> **REQUIRED WORK**
Quote the whole listing word for word. Do not include the pictures.

*****

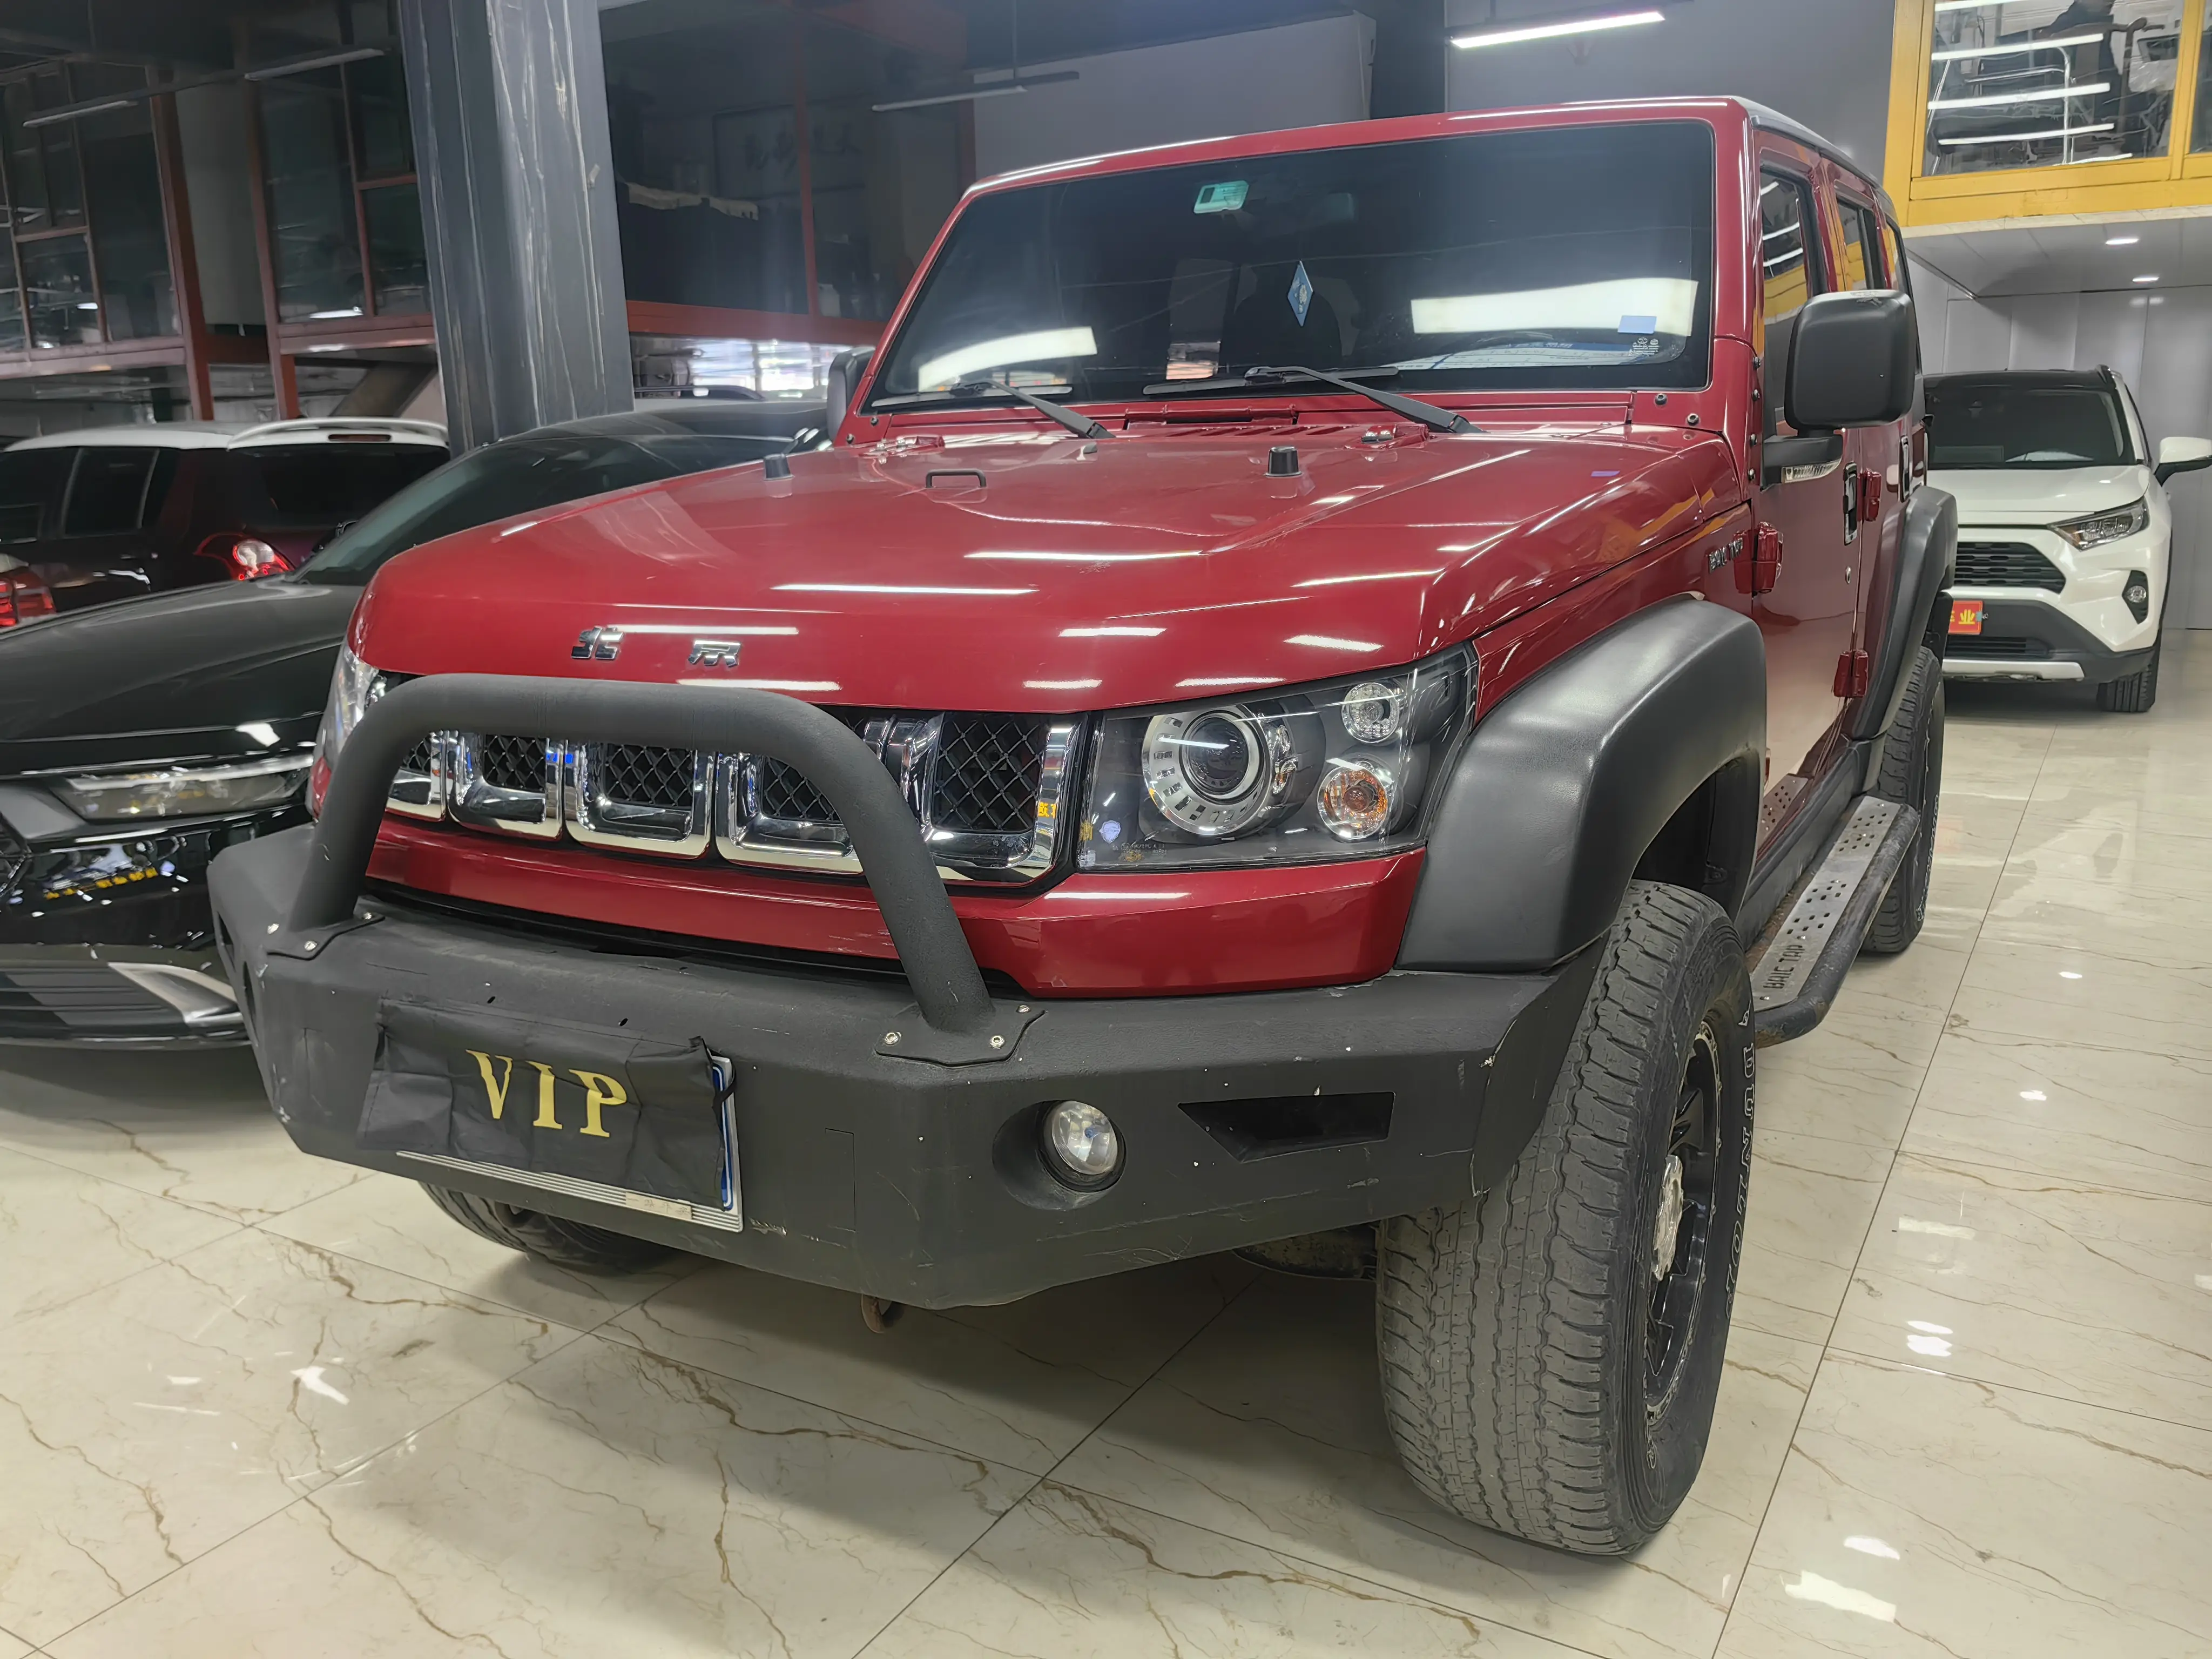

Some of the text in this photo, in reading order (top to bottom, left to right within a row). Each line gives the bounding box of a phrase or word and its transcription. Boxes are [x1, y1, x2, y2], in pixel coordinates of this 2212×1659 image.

[571, 625, 741, 667] 北京
[1763, 966, 1795, 988] BAIC
[465, 1049, 626, 1137] VIP
[1726, 1042, 1755, 1319] DUNLOP
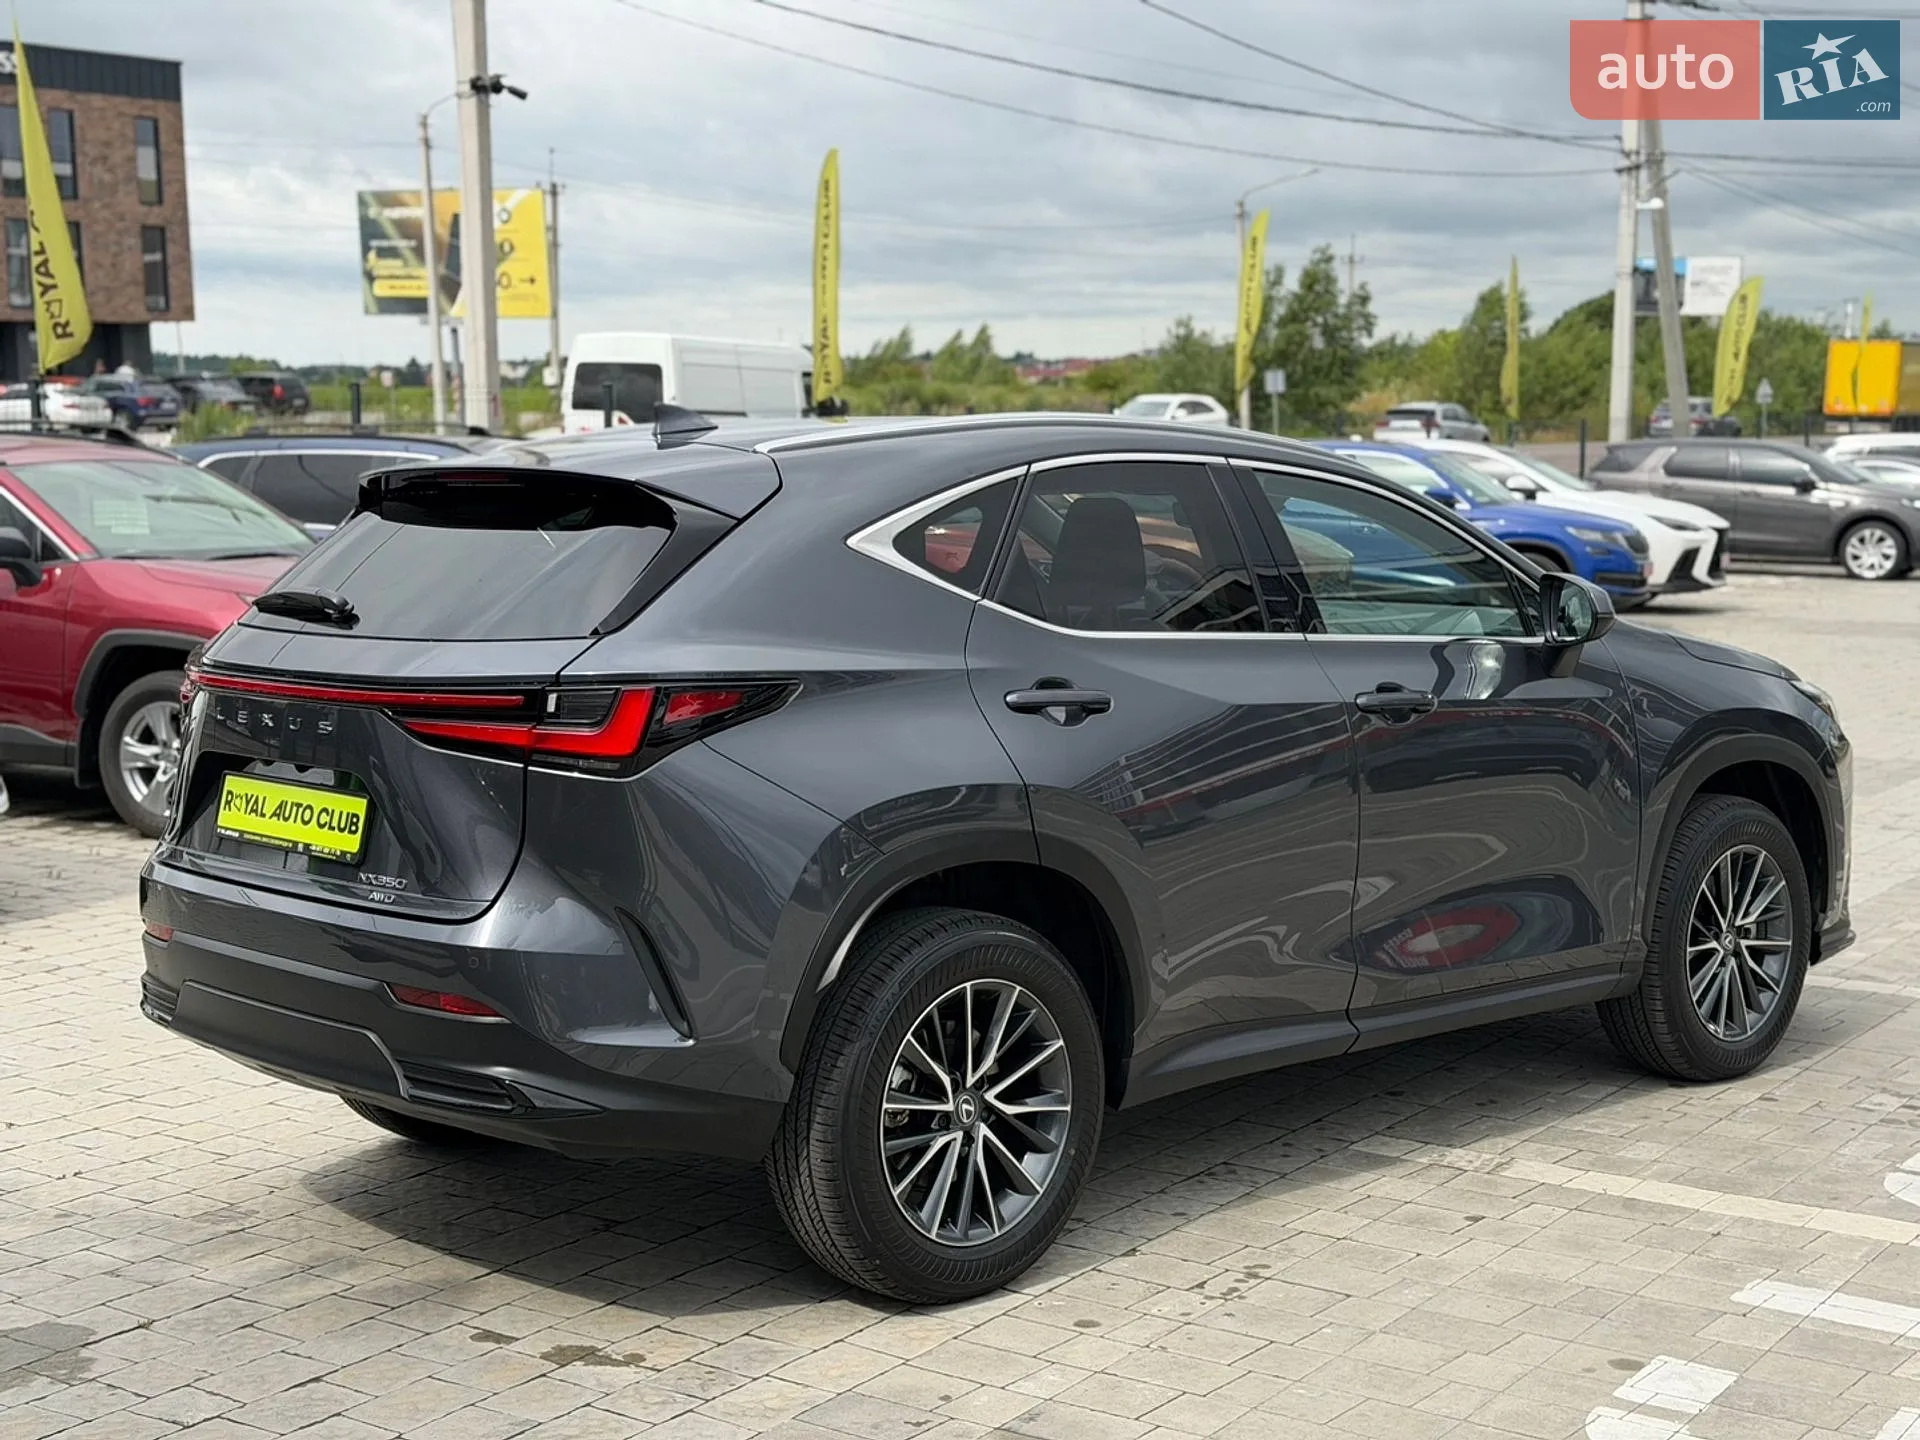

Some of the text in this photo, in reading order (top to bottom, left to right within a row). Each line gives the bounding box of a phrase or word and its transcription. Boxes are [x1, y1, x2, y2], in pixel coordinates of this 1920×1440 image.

[216, 706, 333, 734] LEXUS
[269, 799, 315, 826] AUTO
[316, 807, 360, 835] CLUB

*****

> **TASK RESULT**
Some of the text in this photo, in reading order (top to bottom, left to right within a row). Each line gives the bounding box of a phrase or word and its transcription. Boxes are [x1, y1, x2, y2], in pixel coordinates of this 2212×1659 image.

[571, 625, 741, 667] 北京
[1763, 966, 1795, 988] BAIC
[465, 1049, 626, 1137] VIP
[1726, 1042, 1755, 1319] DUNLOP

Some of the text in this photo, in reading order (top to bottom, left to right within a row). Each line gives the bounding box of a phrase or word and its transcription. Boxes are [x1, y1, x2, y2], in pixel coordinates of this 1920×1440 image.

[216, 706, 333, 734] LEXUS
[269, 799, 315, 826] AUTO
[316, 807, 360, 835] CLUB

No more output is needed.